Researchers Study MRSA Transmission Via Healthcare Workers

Article

Methicillin-resistant Staphylococcus aureus (MRSA) is a major cause of healthcare-associated infections. An important control strategy is hand hygiene; however, non-compliance has been a major problem in healthcare settings. Furthermore, modeling studies have suggested that the law of diminishing returns applies to hand hygiene. Other additional control strategies such as environmental cleaning may be warranted, given that MRSA-positive individuals constantly shed contaminated desquamated skin particles to the environment.

Plipat et al. (2013) constructed and analyzed a deterministic environmental compartmental model of MRSA fate, transport and exposure between two hypothetical hospital rooms: one with a colonized patient, shedding MRSA; another with an uncolonized patient, susceptible to exposure. Healthcare workers (HCWs), acting solely as vectors, spread MRSA from one patient room to the other.
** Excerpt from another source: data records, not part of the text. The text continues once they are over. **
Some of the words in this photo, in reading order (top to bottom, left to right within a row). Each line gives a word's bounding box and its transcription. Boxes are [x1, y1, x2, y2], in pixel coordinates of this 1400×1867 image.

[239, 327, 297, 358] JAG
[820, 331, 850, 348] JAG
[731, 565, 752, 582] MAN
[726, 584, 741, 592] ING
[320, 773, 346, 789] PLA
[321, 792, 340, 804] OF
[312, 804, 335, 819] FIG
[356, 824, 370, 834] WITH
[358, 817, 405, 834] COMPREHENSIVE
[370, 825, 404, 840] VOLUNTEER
Although porous surfaces became highly contaminated, their low transfer efficiency limited the exposure dose to HCWs and the uncolonized patient. Conversely, the high transfer efficiency of nonporous surfaces allows greater MRSA transfer when touched. In the colonized patients room, HCW exposure occurred more predominantly through the indirect (patient to surfaces to HCW) mode compared to the direct (patient to HCW) mode. In contrast, in the uncolonized patients room, patient exposure was more predominant in the direct (HCW to patient) mode compared to the indirect (HCW to surfaces to patient) mode. Surface wiping decreased MRSA exposure to the uncolonized patient more than daily surface decontamination. This was because wiping allowed higher cleaning frequency and cleaned more total surface area per day.

The researchers say that environmental cleaning should be considered as an integral component of MRSA infection control in hospitals. They add that given the previously under-appreciated role of surface contamination in MRSA transmission, this intervention mode can contribute to an effective multiple barrier approach in concert with hand hygiene. Their research was published in BMC Infectious Diseases.

Reference: Plipat N, Spicknall IH, Koopman JS and Eisenberg JNS. The dynamics of methicillin-resistant Staphylococcus aureus exposure in a hospital model and the potential for environmental intervention. BMC Infectious Diseases 2013, 13:595  doi:10.1186/1471-2334-13-595.